Il risultato, l’approdo di questo articolato itinerario, che è anche un itinerario dell’anima, è consegnato alle sue pagine, estremamente equilibrate nel dettato, nella formulazione tematica, nello stile, nella tramatura delle singole “narrazioni liriche”, consegnato, dunque, alle inconfondibili partiture della sua originalità, sotto la guida di una sensibilità che ha sempre scommesso alto nella partita dell’esistenza.

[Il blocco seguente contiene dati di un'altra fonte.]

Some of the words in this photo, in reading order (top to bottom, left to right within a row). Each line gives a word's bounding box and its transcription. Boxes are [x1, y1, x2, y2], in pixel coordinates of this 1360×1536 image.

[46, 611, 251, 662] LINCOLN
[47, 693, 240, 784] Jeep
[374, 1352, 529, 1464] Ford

Questa nuova silloge di componimenti “PO ESSIRI”, che adesso Flora Restivo porta alla luce delle stampe, ripropone una valutazione critica ulteriore sul ruolo della nuova poesia siciliana di oggi e quindi sul posto preminente che la nostra brava autrice vi occupa. Se è vero che non c’è nuova poesia senza poeti nuovi, è vero, dunque, che della nuova poesia siciliana, che si sta già profilando in questi anni, Flora Restivo è, tra i protagonisti, voce significativa.
In tale proiezione, mi è parso più utile tracciare un profilo sommario della sua poetica, inquadrandola nel panorama letterario di questo inizio del Duemila, piuttosto che proporre un ragionamento critico sulla sua opera, lasciando tale compito alle successive opportunità.

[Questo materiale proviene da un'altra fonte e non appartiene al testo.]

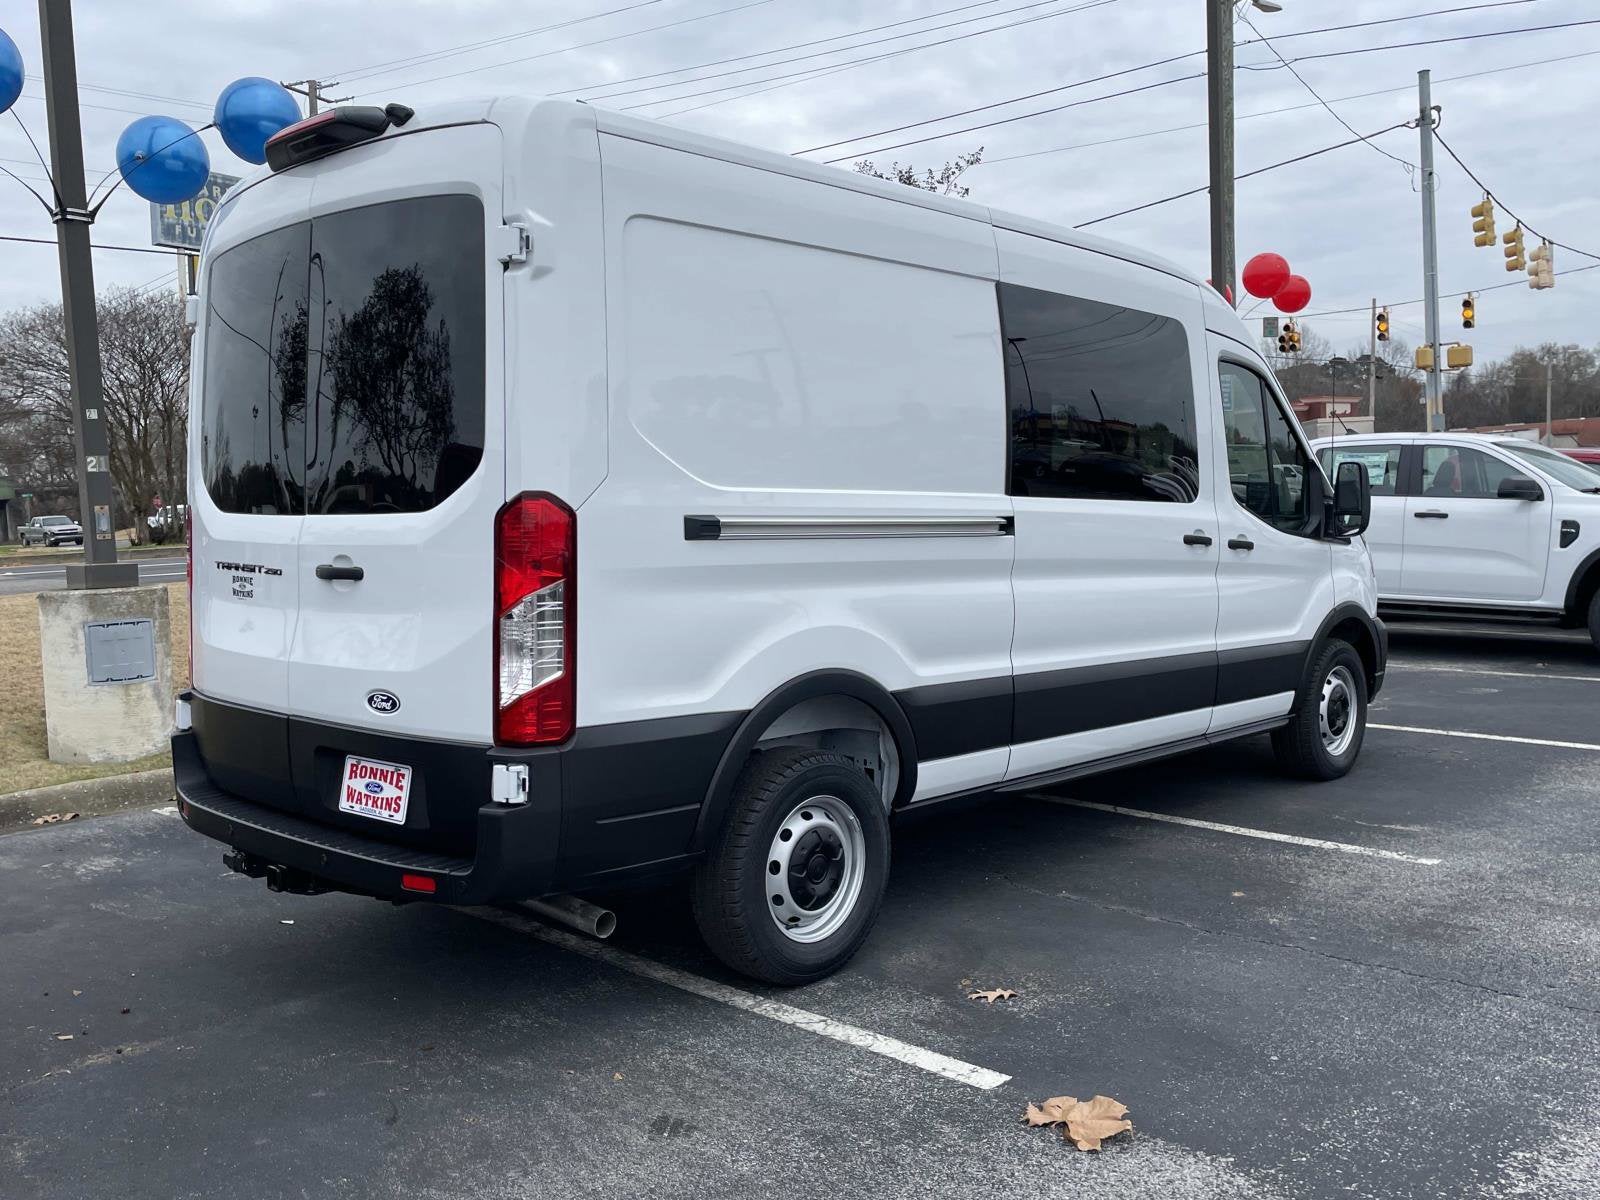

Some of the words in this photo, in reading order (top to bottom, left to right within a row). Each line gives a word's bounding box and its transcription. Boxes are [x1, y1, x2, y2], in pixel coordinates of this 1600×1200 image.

Tuttavia, tra i dati principali di quella poetica, vorrei rimarcarne la sua predilezione per il verso essenziale, in cui la liricità del tema trova cifre espressive di sapiente misura. L’autrice si lascia alle spalle i suggerimenti della “poesia neodialettale” dei recenti anni Novanta ed entra nella modernità dei nostri tempi e, da questo punto di vista, lo è non solo nello stile e nella scrittura, di cui la silloge offre tante indicazioni, ma lo è soprattutto nella sensibilità e nell’intuizione.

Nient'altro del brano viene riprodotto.